Puis Kokorin, mécontent des termes du contrat, s’en alla au Dinamo, où il joua son premier match à 17 ans. Son ami Poloz, lui, ne décollait pas du Lokomotiv B. Son statut de grand espoir russe se confirma pourtant lorsqu’il participa et remporta le tournoi Granatkin en 2009 avec la Russie et Kokorin. Mais au retour, rien ne changea. Les années se suivirent et se ressemblèrent. Les promesses de prêts n’aboutissaient jamais et au mieux, Poloz pouvait aspirer au banc de l’équipe première. En 2012, à 21 ans, le jeune homme était l’un de ses éternels espoirs russes qui n’arrivent pas à percer. Beaucoup pensaient sa carrière vouée à l’échec, à l’instar de nombreux jeunes talentueux avant lui. C’était en tout cas l’avis de la présidente du Lokomotiv Olga Smorodskaya, qui déclara publiquement que Poloz ne serait jamais en mesure d’atteindre son potentiel.
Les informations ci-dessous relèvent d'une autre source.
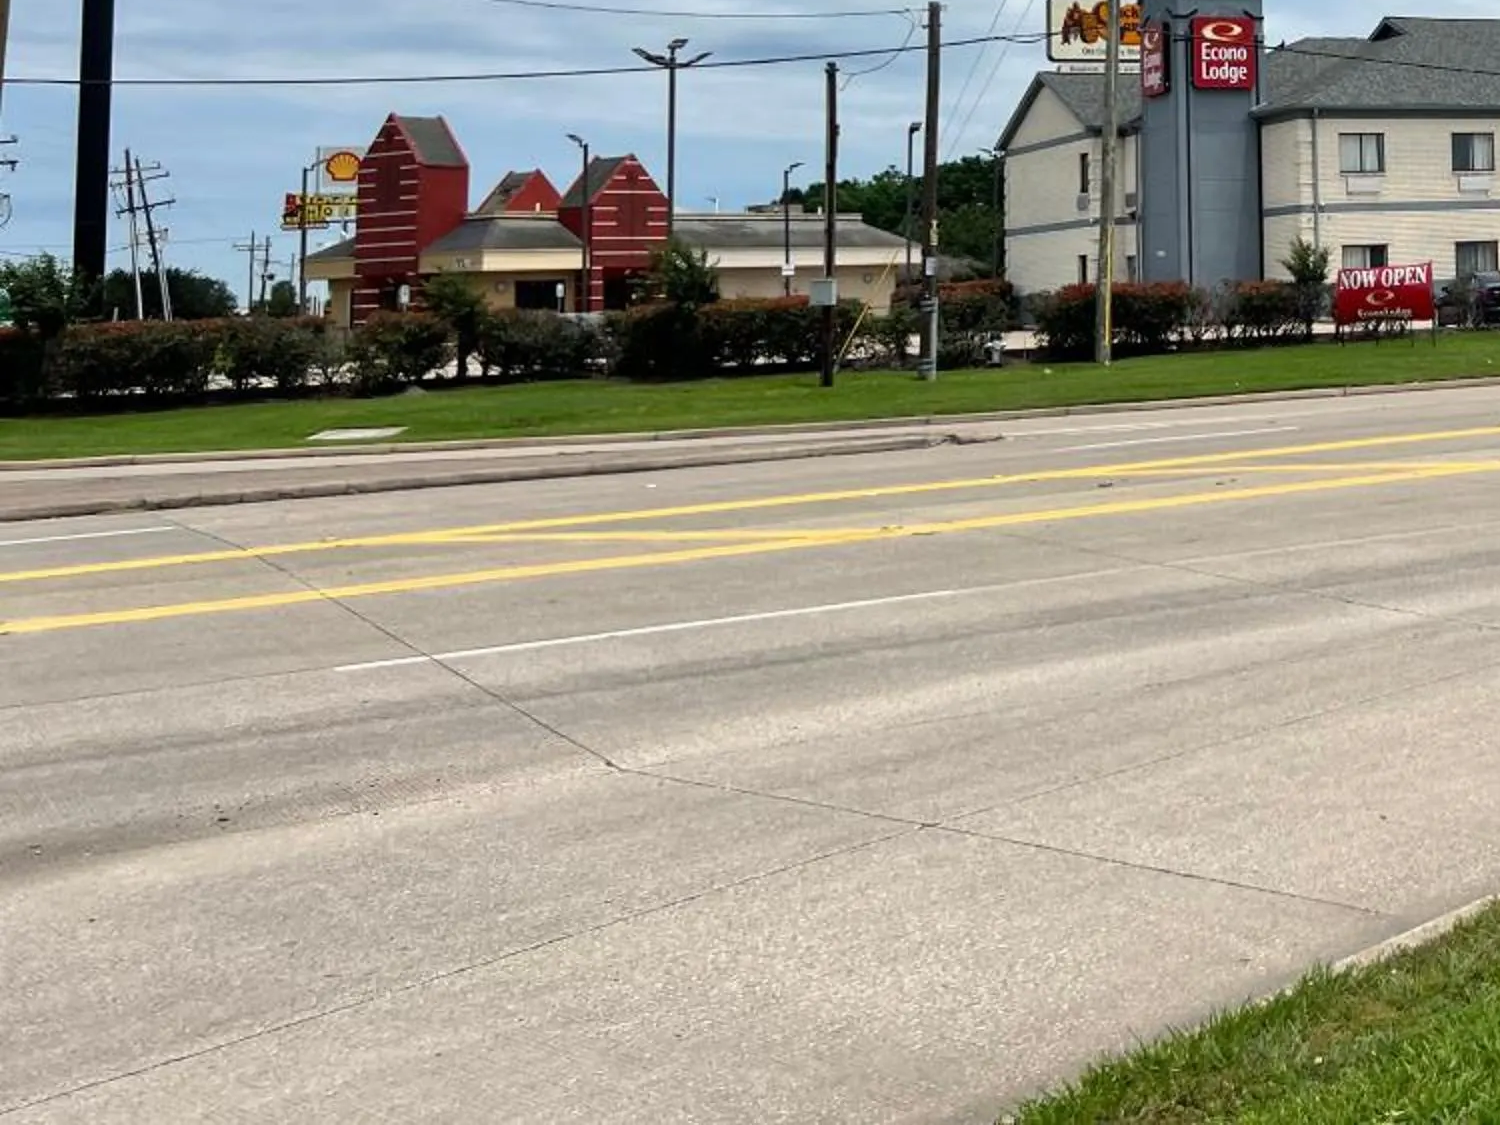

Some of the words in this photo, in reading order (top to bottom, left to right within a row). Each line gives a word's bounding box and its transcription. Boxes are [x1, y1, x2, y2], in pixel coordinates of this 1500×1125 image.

Une déclaration choc qui n’a même pas affecté le premier intéressé : « Comment pourrais-je être offensé par quelqu’un qui ne m’a jamais adressé la parole ? Je connaissais ma valeur et je savais que j’avais un avenir dans le football. Je ne me soucie pas plus de ce qu’elle a dit. Chacun a le droit d’avoir son opinion ».

La délivrance à Rostov

L’heure est au retour aux sources. Non pas au Dynamo Stavropol, bien mal en point, mais à Rostov sur le Don, capitale de l’Oblast voisin où il retrouva deux compères du centre de formation du Loko : Vitali Dyakov et Igor Smolnikov. La « Porte du Caucase » est l’une des plus importantes cités du sud de la Russie et aussi une autre place forte emblématique des cosaques du Don. Un endroit particulier, où les habitants pensent qu’il n’y a pas une autre ville au monde plus belle que la leur. Une ville branchée, hors du temps, avec ses rues formant des grilles, ses anciens entrepôts où l’on peut se baigner, son immense centre résidentiel Tchekov. C’est dans ce Chigaco Russe que Poloz a choisi de relancer sa carrière, en acceptant un contrat aux mêmes conditions financières qu’au Lokomotiv mais avec la garantie que l’on compterait enfin sur lui.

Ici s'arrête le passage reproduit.